Images for object localization
*** Begin section ***

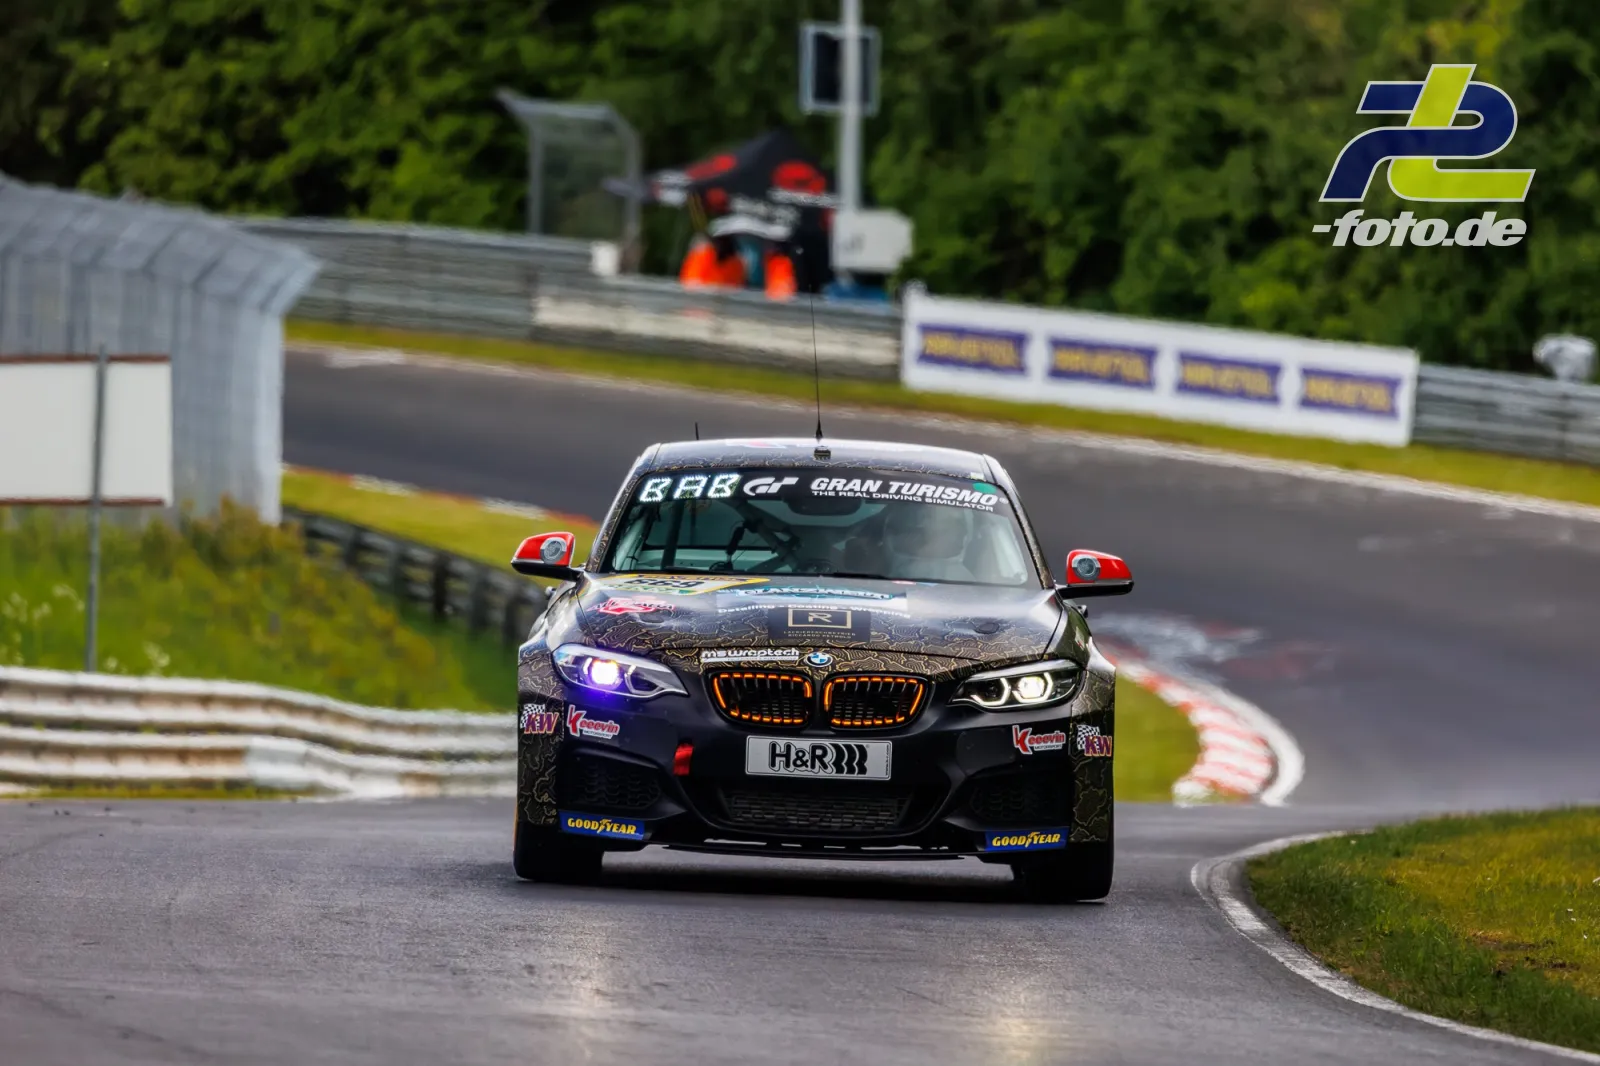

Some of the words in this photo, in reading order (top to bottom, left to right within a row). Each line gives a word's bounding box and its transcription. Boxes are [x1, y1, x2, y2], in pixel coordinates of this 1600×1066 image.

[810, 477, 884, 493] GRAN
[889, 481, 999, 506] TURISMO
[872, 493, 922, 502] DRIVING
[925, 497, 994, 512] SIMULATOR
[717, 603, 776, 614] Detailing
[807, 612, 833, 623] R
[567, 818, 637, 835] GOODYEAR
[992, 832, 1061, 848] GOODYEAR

*** End section ***

TASK » From the first line to the last, repeat the entries exactly and leave out the pictures.

RESPONSE AREA »
Some of the words in this photo, in reading order (top to bottom, left to right within a row). Each line gives a word's bounding box and its transcription. Boxes are [x1, y1, x2, y2], in pixel coordinates of this 1600×1066 image.

[810, 477, 884, 493] GRAN
[889, 481, 999, 506] TURISMO
[872, 493, 922, 502] DRIVING
[925, 497, 994, 512] SIMULATOR
[717, 603, 776, 614] Detailing
[807, 612, 833, 623] R
[567, 818, 637, 835] GOODYEAR
[992, 832, 1061, 848] GOODYEAR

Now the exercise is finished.